Extracted records:
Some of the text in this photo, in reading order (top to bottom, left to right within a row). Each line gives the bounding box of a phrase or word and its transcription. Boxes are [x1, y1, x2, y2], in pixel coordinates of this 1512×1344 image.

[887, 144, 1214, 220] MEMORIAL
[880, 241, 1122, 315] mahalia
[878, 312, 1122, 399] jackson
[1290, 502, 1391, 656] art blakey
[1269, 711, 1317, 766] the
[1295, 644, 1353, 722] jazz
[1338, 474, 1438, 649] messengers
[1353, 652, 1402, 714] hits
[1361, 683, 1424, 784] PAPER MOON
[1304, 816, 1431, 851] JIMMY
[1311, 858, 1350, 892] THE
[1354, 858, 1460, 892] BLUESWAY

▶ [ASSIGNMENT] Give every entry again in full, precisely as written above.

▶ [FINAL ANSWER]
Some of the text in this photo, in reading order (top to bottom, left to right within a row). Each line gives the bounding box of a phrase or word and its transcription. Boxes are [x1, y1, x2, y2], in pixel coordinates of this 1512×1344 image.

[887, 144, 1214, 220] MEMORIAL
[880, 241, 1122, 315] mahalia
[878, 312, 1122, 399] jackson
[1290, 502, 1391, 656] art blakey
[1269, 711, 1317, 766] the
[1295, 644, 1353, 722] jazz
[1338, 474, 1438, 649] messengers
[1353, 652, 1402, 714] hits
[1361, 683, 1424, 784] PAPER MOON
[1304, 816, 1431, 851] JIMMY
[1311, 858, 1350, 892] THE
[1354, 858, 1460, 892] BLUESWAY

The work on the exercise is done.